Simone Cristicchi tra intolleranza progressista e arte

In questi giorni sanremesi sta tenendo banco tra le polemicucce, quella sulla canzone del cantautore Simone Cristicchi, “Quando sarai piccola”, tacciata di paraculismo.

Al netto degli interventi di chi critica Cristicchi perché vicino agli ambienti di Pro Vita e non di sinistra, sorprende che un artista non possa parlare di temi non mortiferi, con romanticismo, senza che venga accusato di voler vincere facile. Cristicchi non apologizza l’eutanasia, non esalta i diritti civili, non spinge i diktat del progressismo più estremo. Cristicchi, che da sempre tratta temi delicati e drammatici, canta la propria esperienza, in cui molte persone si sono riconosciute.

Lasciando il patetismo a chi quest’anno a Sanremo fa la parte della vittima, riuscendo ad abbindolare anche la sala stampa, e a chi si è dato una ripulita nel look, sarebbe opportuno far conoscere a chi accusa Cristicchi di patetismo, che ad esempio un certo Eric Clapton ha scritto un capolavoro per suo figlio che è morto in tenera età; un autore, un artista prova a condividere un sentimento, un’emozione, scegliendo il modo di comunicarlo che più gli si addice.

Nelle parole di Cristicchi traspare la sofferenza e la fatica di chi si prende cura di una persona affetta da Alzheimer, sottolineando la dolcezza e la pazienza che si dovrebbe avere nell’accompagnare i propri genitori in questo drammatico cammino, e che alcune persone, purtroppo per molti, hanno.

La domanda semmai da porsi è: è una bella canzone quella di Cristicchi? Merita la vittoria? Se l’arte rientra nella capacità di trasmettere un tema, la forma è l’arte stessa, e in Cristicchi la forma c’è, e ha portato il pubblico alla commozione. Se con quella forma si riesce a toccare il cuore delle persone, l’obiettivo è centrato. L’esempio è nel festival stesso: Fedez tratta un tema importante come la depressione, eppure non ha avuto lo stesso impatto di Cristicchi.

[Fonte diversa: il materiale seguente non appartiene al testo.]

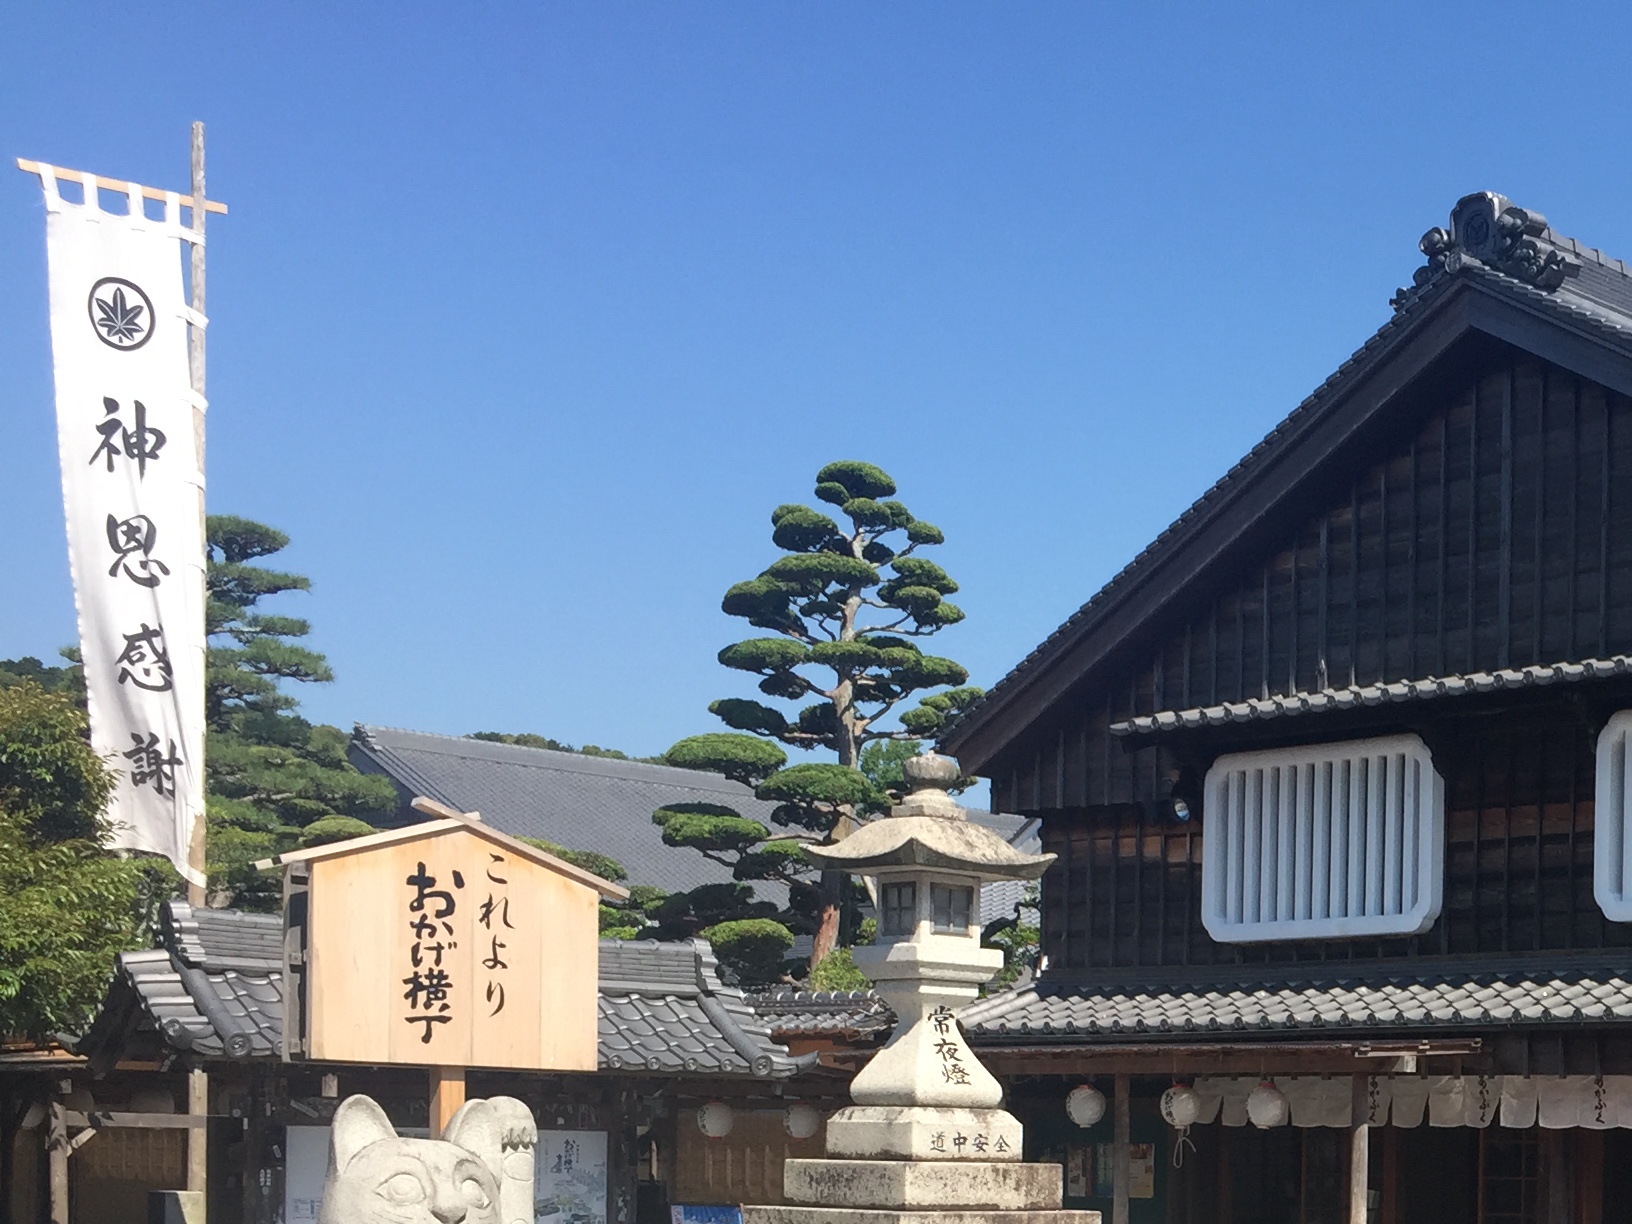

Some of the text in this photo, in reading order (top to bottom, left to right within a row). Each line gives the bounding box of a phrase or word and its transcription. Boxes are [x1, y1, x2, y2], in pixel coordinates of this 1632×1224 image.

[89, 396, 183, 797] 神恩感謝
[402, 862, 465, 1045] おかげ横丁
[478, 853, 516, 1018] これより
[926, 1005, 972, 1086] 常夜燈
[930, 1131, 1012, 1154] 道中安全

Non è indispensabile avere un’estensione vocale pazzesca, gorgheggiare, vocalizzare, urlare, per toccare le corde più profonde dell’anima. La tecnica è fondamentale nel canto, ma non basta per poter parlare di arte o di poesia. A tal proposito, “Quando sarai piccola” non è poesia, né una messa cantata come alcuni detrattore considerano; è una bel testo, cantato con trasporto e commozione che però non ha melodia. Nonostante questo è “arrivata” al pubblico, come arrivò seconda a suo tempo “Signor tenente” di Faletti, canzone che non ha melodia, non orecchiabile, apprezzata da pubblico e critica, considerata una poesia.

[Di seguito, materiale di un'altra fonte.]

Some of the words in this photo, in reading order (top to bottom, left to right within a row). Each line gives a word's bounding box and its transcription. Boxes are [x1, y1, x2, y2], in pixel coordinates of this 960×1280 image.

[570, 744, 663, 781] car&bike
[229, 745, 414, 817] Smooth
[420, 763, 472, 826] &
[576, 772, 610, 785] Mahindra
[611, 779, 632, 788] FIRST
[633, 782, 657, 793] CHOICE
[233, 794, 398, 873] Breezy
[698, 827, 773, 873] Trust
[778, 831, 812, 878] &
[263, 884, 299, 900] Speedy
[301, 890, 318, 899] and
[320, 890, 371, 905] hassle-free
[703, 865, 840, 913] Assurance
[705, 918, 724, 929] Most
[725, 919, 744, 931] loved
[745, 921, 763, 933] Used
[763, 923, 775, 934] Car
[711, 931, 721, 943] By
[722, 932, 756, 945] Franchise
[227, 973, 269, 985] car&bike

Per affrontare la questione canzone/poesia, è necessario sgomberare il campo dai tanti luoghi comuni, dalle affermazioni sciatte che da decenni proliferano intorno a questo tema. Non basta liquidare la questione dicendo che i trovatori sono stati i primi cantautori della storia, che molte canzoni si ispirano alla letteratura (e qui si può stilare un elenco che va da Non al denaro non all’amore né al cielo di De Andrè a La divina commedia di Tedua), o che non è un caso che molti tra cantautori e cantautrici, parallelamente alla produzione musicale, abbiano sempre coltivato interessi puramente letterari, scrivendo romanzi (come quelli di Leonard Cohen, di Ivano Fossati), pubblicando poesie (come hanno fatto Jim Morrison, Patti Smith o Claudio Lolli).

La canzone è poesia? No. È letteratura? Certo.

Ammettendo poi che un testo letto e lo stesso testo cantato non sono la stessa cosa e, in particolare, che un testo scritto per essere letto e uno scritto per essere cantato sottintendono grammatiche differenti, si può anche arrivare a dire che una canzone che in tutto e per tutto assomiglia a una poesia in realtà non è una buona canzone. Eppure quante volte, proprio ascoltando un pezzo di musica leggera, ci capita di affermare come per Faletti o adesso per Cristicchi: questa è poesia? In quei casi è come se elevassimo la forma canzone a uno status superiore, esponendola a situazioni comunicative che trascendono ed eccedono quelle riconducibili a un brano musicale e che normalmente pertengono alle forme espressive ritenute più nobili, prima fra tutte la poesia.

Perché una canzone non può essere valida di per sé, in quanto canzone, ma deve per forza rimandare a qualcos’altro, prendere un po’ di qua e un po’ di là, simulare i modi della cosiddetta letteratura colta?

Va notato come l’influenza non sia soltanto unidirezionale: non è soltanto la poesia a ispirare le canzoni, in cui si riscontra chiaramente come talune proprietà del brano musicale abbiano esercitato un’influenza diretta sull’ideazione e sulla costruzione di testi propriamente letterari, o tranquillamente accolti come tali.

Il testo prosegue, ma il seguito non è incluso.